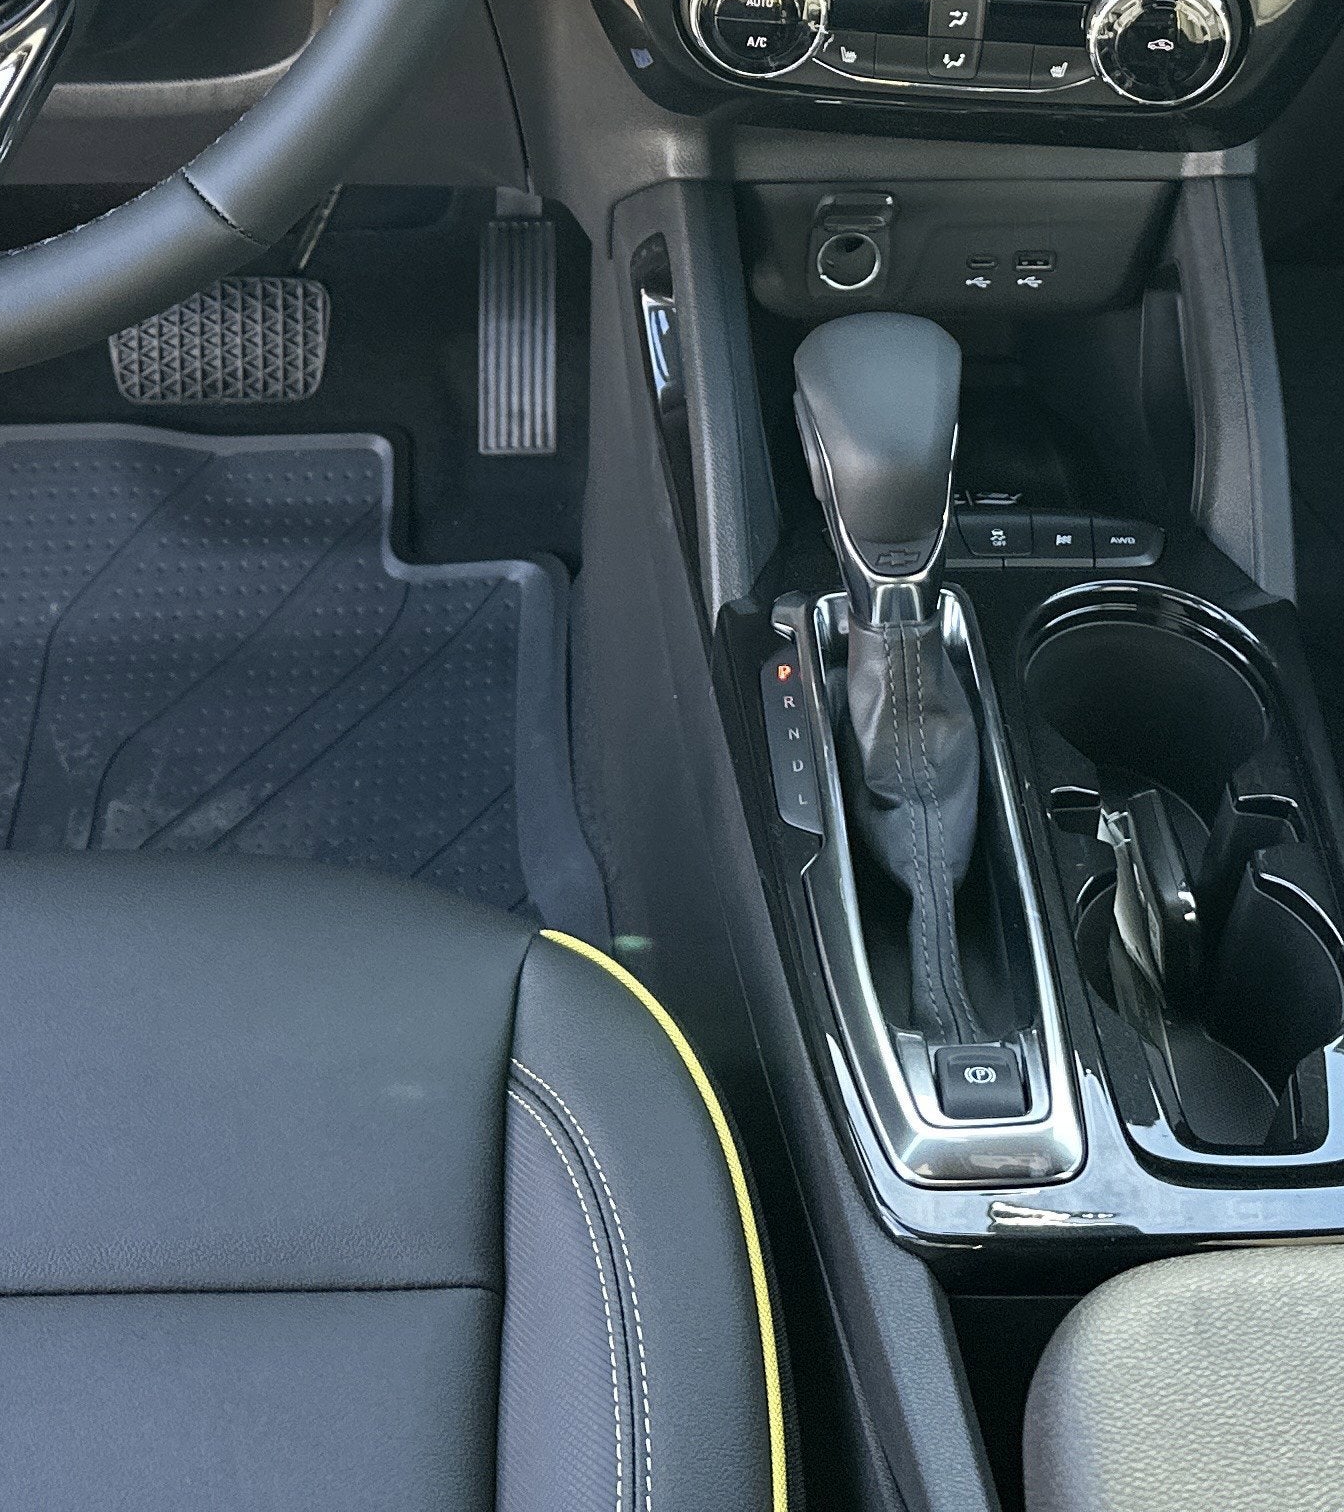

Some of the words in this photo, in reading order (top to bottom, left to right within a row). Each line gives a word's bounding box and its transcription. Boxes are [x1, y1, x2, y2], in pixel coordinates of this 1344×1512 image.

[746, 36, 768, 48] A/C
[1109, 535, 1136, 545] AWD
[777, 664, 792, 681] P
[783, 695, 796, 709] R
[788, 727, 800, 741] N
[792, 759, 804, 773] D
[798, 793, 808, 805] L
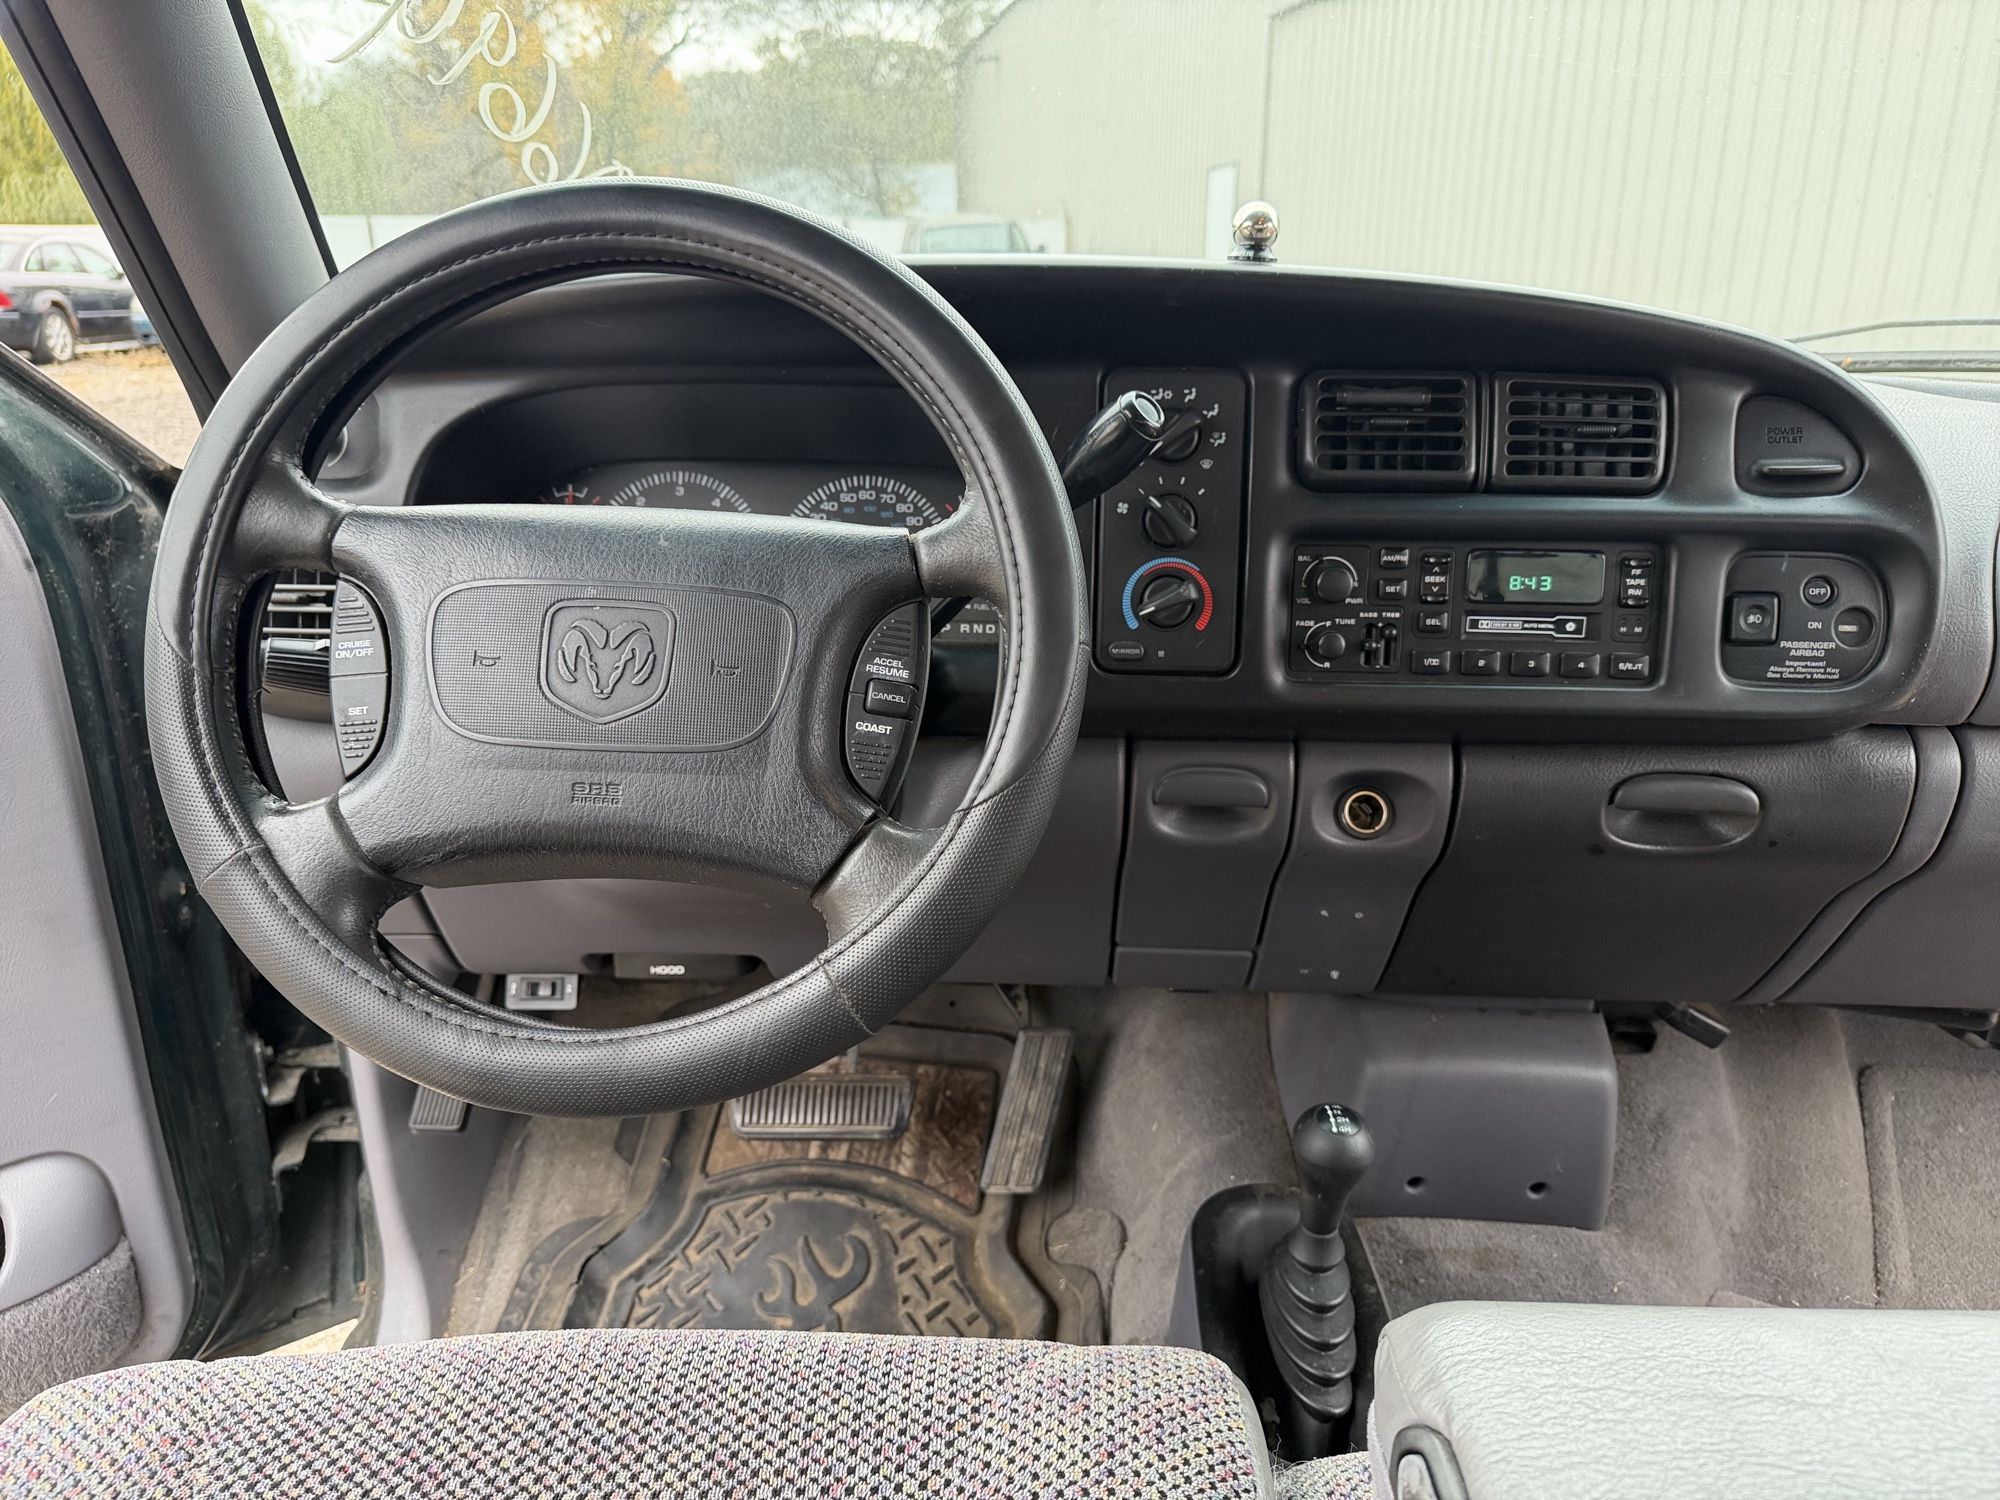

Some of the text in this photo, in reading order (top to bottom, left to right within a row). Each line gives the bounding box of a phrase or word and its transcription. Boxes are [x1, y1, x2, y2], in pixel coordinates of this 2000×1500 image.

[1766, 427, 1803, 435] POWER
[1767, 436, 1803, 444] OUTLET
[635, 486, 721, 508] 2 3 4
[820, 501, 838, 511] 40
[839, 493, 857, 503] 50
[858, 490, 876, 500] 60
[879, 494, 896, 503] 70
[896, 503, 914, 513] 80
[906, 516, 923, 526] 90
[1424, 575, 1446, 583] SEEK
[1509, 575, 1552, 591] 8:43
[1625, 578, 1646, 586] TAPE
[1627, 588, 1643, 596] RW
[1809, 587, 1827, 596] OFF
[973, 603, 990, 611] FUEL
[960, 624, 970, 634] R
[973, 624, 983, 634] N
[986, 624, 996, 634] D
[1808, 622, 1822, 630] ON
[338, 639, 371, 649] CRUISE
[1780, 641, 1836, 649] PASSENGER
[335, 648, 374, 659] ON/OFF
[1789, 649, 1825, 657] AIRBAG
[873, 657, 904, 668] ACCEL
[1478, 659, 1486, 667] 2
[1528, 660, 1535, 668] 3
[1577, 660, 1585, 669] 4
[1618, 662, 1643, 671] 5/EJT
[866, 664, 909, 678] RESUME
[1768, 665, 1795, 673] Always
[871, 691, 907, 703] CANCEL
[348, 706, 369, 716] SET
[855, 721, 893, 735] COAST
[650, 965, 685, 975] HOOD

:::::

• [About this exercise]: Exact repetition of each line above is expected; images are to be omitted.

• [Solution]:
Some of the words in this photo, in reading order (top to bottom, left to right within a row). Each line gives a word's bounding box and its transcription. Boxes are [x1, y1, x2, y2], in pixel coordinates of this 1344×1512 image.

[746, 36, 768, 48] A/C
[1109, 535, 1136, 545] AWD
[777, 664, 792, 681] P
[783, 695, 796, 709] R
[788, 727, 800, 741] N
[792, 759, 804, 773] D
[798, 793, 808, 805] L

Some of the text in this photo, in reading order (top to bottom, left to right within a row). Each line gives the bounding box of a phrase or word and its transcription. Boxes are [x1, y1, x2, y2], in pixel coordinates of this 2000×1500 image.

[1766, 427, 1803, 435] POWER
[1767, 436, 1803, 444] OUTLET
[635, 486, 721, 508] 2 3 4
[820, 501, 838, 511] 40
[839, 493, 857, 503] 50
[858, 490, 876, 500] 60
[879, 494, 896, 503] 70
[896, 503, 914, 513] 80
[906, 516, 923, 526] 90
[1424, 575, 1446, 583] SEEK
[1509, 575, 1552, 591] 8:43
[1625, 578, 1646, 586] TAPE
[1627, 588, 1643, 596] RW
[1809, 587, 1827, 596] OFF
[973, 603, 990, 611] FUEL
[960, 624, 970, 634] R
[973, 624, 983, 634] N
[986, 624, 996, 634] D
[1808, 622, 1822, 630] ON
[338, 639, 371, 649] CRUISE
[1780, 641, 1836, 649] PASSENGER
[335, 648, 374, 659] ON/OFF
[1789, 649, 1825, 657] AIRBAG
[873, 657, 904, 668] ACCEL
[1478, 659, 1486, 667] 2
[1528, 660, 1535, 668] 3
[1577, 660, 1585, 669] 4
[1618, 662, 1643, 671] 5/EJT
[866, 664, 909, 678] RESUME
[1768, 665, 1795, 673] Always
[871, 691, 907, 703] CANCEL
[348, 706, 369, 716] SET
[855, 721, 893, 735] COAST
[650, 965, 685, 975] HOOD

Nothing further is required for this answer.